Saturday, September 19, 2015

The Discovery of a New Classroom

Support and Get Out of the Way

Project-Based Learning (PBL) leverages students' inherent wiring to wonder and focuses that energy on curriculum and content. It challenges teachers and students to move academics into action, reaching higher-order critical thinking by applying and using content. The teacher role is re-defined to facilitator, creating the conditions for group and/or individual inquiry that moves students toward collaborative problem-solving.

The key is to provide just enough structure, guidance, and shared accountability to target shared learning goals, and then get out of the way. This makes for powerful moments of instruction in classrooms, but the most powerful moments often connect the classroom and all that happens there with an authentic context.  In this case, the context is the community in which students live and our schools serve.     

The New Classroom: How can Steve and Lori turn
this garden into a real-world learning experience
 for elementary and high school students?
To start our Project Based Learning, adult stakeholders gathered to brainstorm a variety of ways in which our outdoor lab could provide learning, service, and community opportunities for students, families, and service organizations. We had lots of options from which to choose: studying soil samples to determine necessary additives to encourage growth, reviewing crop yield in order to create a rotation plan, or planning and implementing the design process for the new space. 

The connected, higher level learning opportunities are endless, especially when we empower students to give their input or voice and then listen to what they have to say.

The Planning: A full length white board in the FHS College
and Career Academy was covered by the time the
planning session ended. (Or perhaps it just started!)
The Planning Process

In our PBL, teachers will guide students to create original and sustainable solutions that serve the community and meet the needs and expectations of all stakeholders. For example, these are two needs or problems for the project:

Need/ Problem #1: Community partners want the garden to be handicap accessible.

  • Driving Question: How we can make this garden handicap accessible using ADA guidelines?
  • Collaboration: We will design a system to partner elementary students with high school students to solve problems collaboratively, implement solutions, and create authentic audiences for sharing.
Need/ Problem #2: The soil we have is not suitable for the crops we intend to grow.
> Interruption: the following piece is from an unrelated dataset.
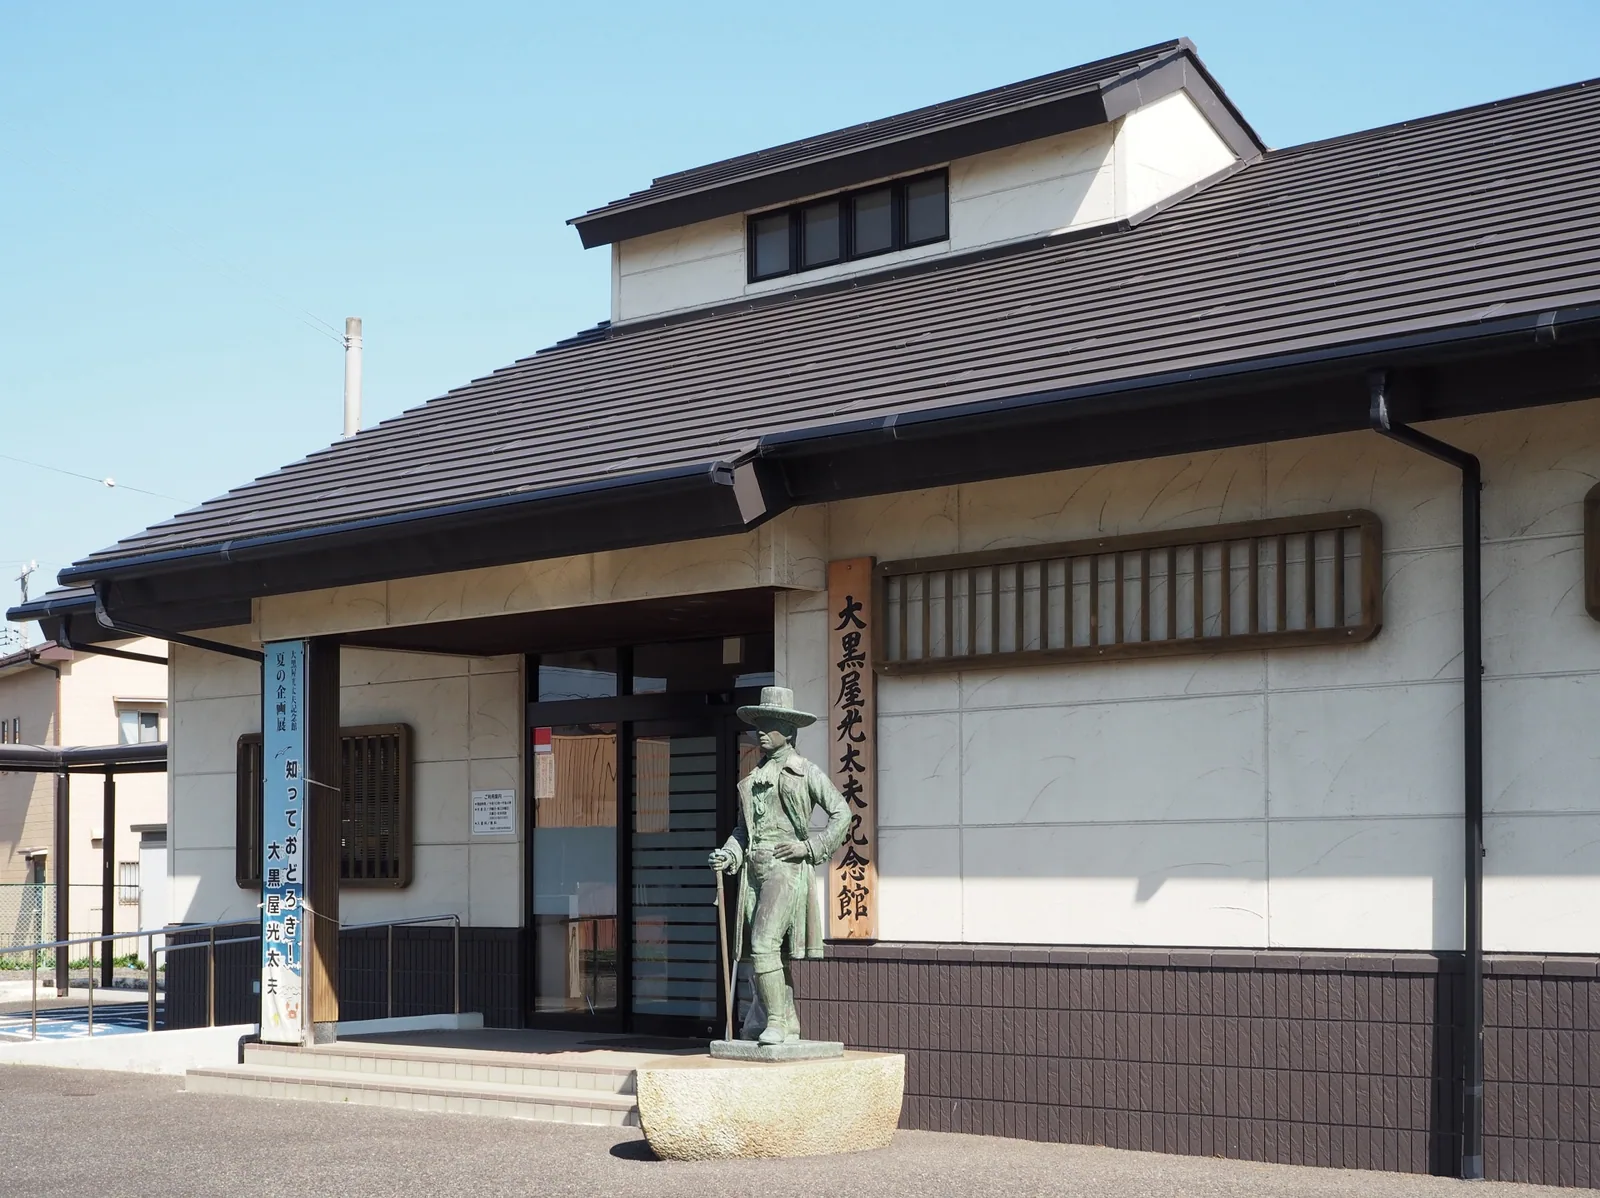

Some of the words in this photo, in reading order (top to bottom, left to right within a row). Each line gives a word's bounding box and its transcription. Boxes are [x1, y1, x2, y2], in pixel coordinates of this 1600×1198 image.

[276, 652, 287, 732] 夏の企画展
[834, 595, 870, 921] 大黒屋光太夫記念館
[266, 841, 281, 995] 大黒屋光太夫
  • Driving Question: How can we improve soil health for the types of plants people want and enjoy eating?
  • Collaboration: High school students will serve as experts for elementary soil research, and all groups will share their information with community stakeholders.
Process Over Product

Our journey on this PBL is just beginning, and we are excited to continue with this process and see the authentic, relevant, collaborative partnership unfold. At this point, we have no idea how it will all turn out, the direction students will take the project, or the impact it will have on the community.  The important piece is the process, not the product.